18 - Kosten

Waaaw premier chapitre de l'année 2020 ! Je vous souhaite une très bonne année et en profite pour tous et toutes vous remercier de vos lectures, votes, commentaires ! C'est grâce à vous que j'ai la motivation pour continuer cette histoire ! J'espère que la suite vous plaira, à bientôt !

***

La foule éparse clamait le nom d'Historia. Celle-ci, agenouillée devant le généralissime Daris Zackley, avait la main sur son cœur lorsque la couronne fut déposée au-dessus de sa chevelure blonde. Les discussions allaient de bon train, et ses camarades du bataillon entendaient tous les commentaires du peuple. Certains hurlaient avec joie qu'elle avait mis fin à la tyrannie exercée par son père, d'autres s'étonnaient de voir qu'elle avait exterminé un titan plus grand que le mur lui-même. De son côté, le caporal Levi observait son ami du coin de l'œil, souriant face à la réussite de son plan. Erwin devait être sacrément fier.

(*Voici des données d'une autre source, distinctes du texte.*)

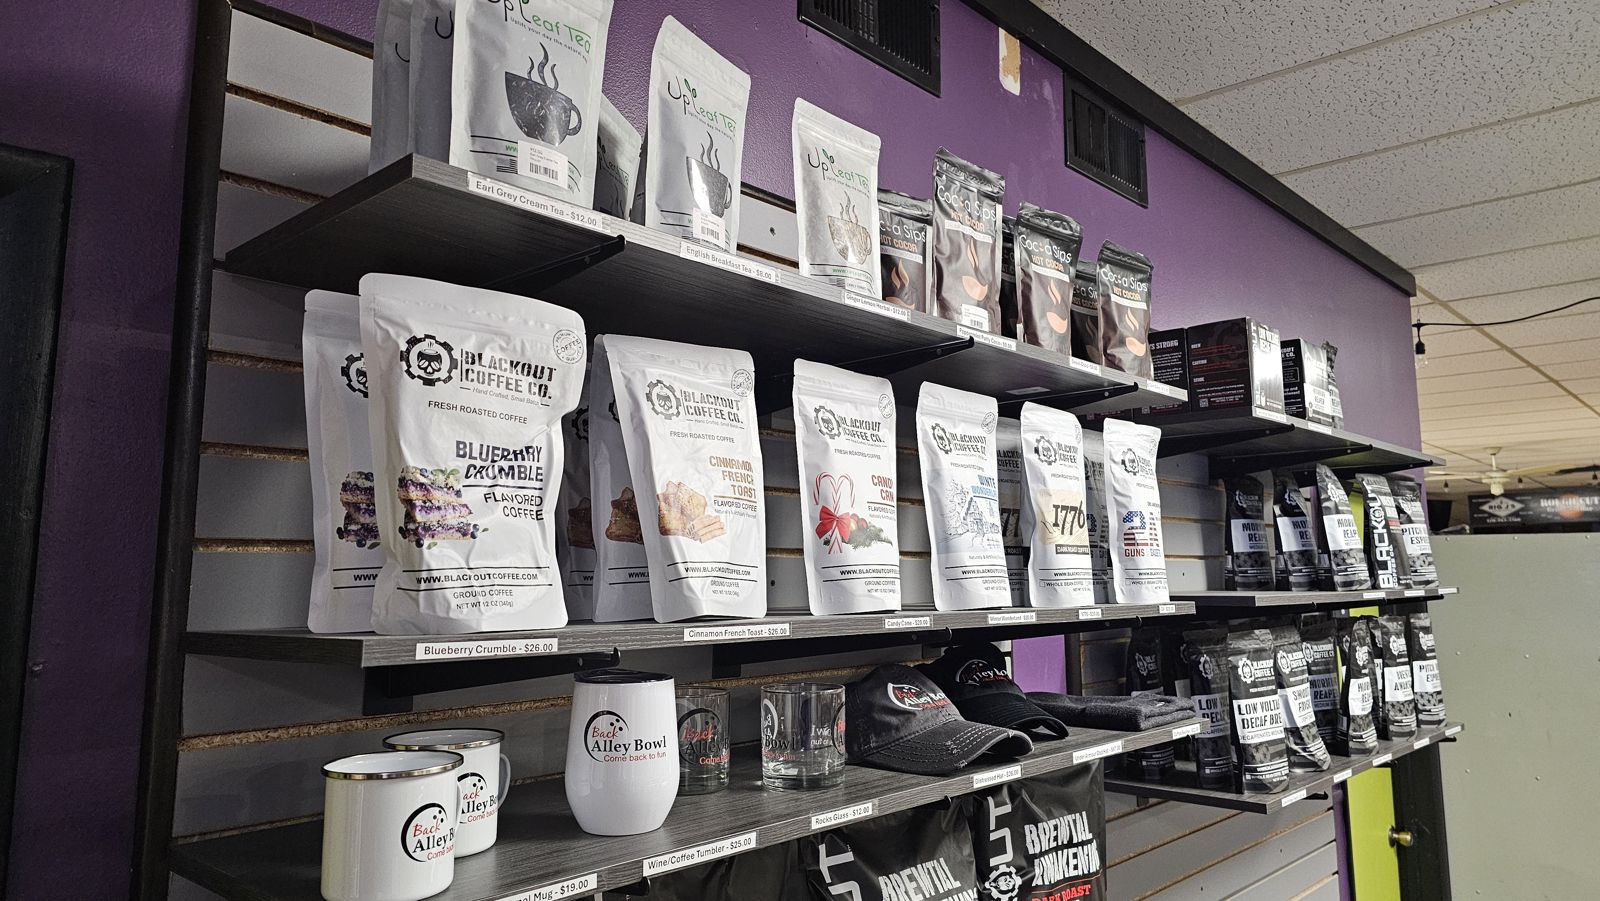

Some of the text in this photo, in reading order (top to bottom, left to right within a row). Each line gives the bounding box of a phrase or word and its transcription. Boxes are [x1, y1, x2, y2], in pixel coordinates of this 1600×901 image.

Sur son piédestal, la jeune reine salua son peuple d'un air solennel, renforçant l'allégresse exacerbée des habitants venus assister au couronnement.

« C'est ma reine ! Regardez à quel point elle est belle !

- Oui, Ymir, elle rayonne. »

La détentrice du titan mâchoire se tourna vers Mikasa d'un air méfiant. Depuis son combat contre le caporal, sa camarade était froide avec elle. La soldate comprenait ses raisons ; après tout, leurs blessures auraient pu mettre à mal le sauvetage de son amour. À présent, elle pouvait imaginer ce qu'elle avait ressenti...

« Mmh. Je ne te pardonne toujours pas.

- Je me fiche de ton pardon. Si tu ne comptais pas autant sur moi et ma force, tu ne serais même pas énervée. Arrête d'attendre autant des autres et fais-toi confiance, un peu. »

Son interlocutrice écarquilla les yeux à la suite de ses remarques, et poussa un petit grognement. Le miracle de l'humanité s'était déjà éclipsé en direction d'Eren, et bientôt, tous les anciens de la 104e brigade se retrouvèrent dans les couloirs sinueux du grand bâtiment. Historia avait ôté son grand manteau rouge et sa couronne. Ses cheveux étaient défaits, et elle ne portait qu'une longue robe blanche.

Une pensée lui vint avec amusement. Alors qu'ils discutaient avec entrain, l'asiatique s'approcha de la jeune femme au sang royal.

« J'y pense. Tu es la reine, maintenant. Tu pourrais frapper Levi sans qu'il ne puisse y faire quoique ce soit. »

Un silence ponctua la fin de sa phrase.

« Mais... C'est une merveilleuse idée, Mikasa !

- Hein ? Historia, tu ne vas pas le faire... Je ne serai pas toujours là pour te protéger ! Tempêta Ymir, qui jetait un regard noir à la brune.

- Je suis la Reine ! Je fais ce que je veux !

- Eheh, si ça ce n'est pas un privilège... Ricana Jean. »

Ainsi, le petit groupe arpenta le château à la recherche du terrifiant ténébreux. Eren et Connie tentaient de dissuader la reine, alors que son amour avait décidé d'y renoncer. Au contraire, Jean l'encourageait, et Sasha déglutissait déjà. Armin tira doucement sur la manche de Mikasa, l'entraînant ainsi à l'écart de toute cette agitation. Elle remarqua l'indiscret regard que le blond jeta à Jean, et fronça les sourcils. 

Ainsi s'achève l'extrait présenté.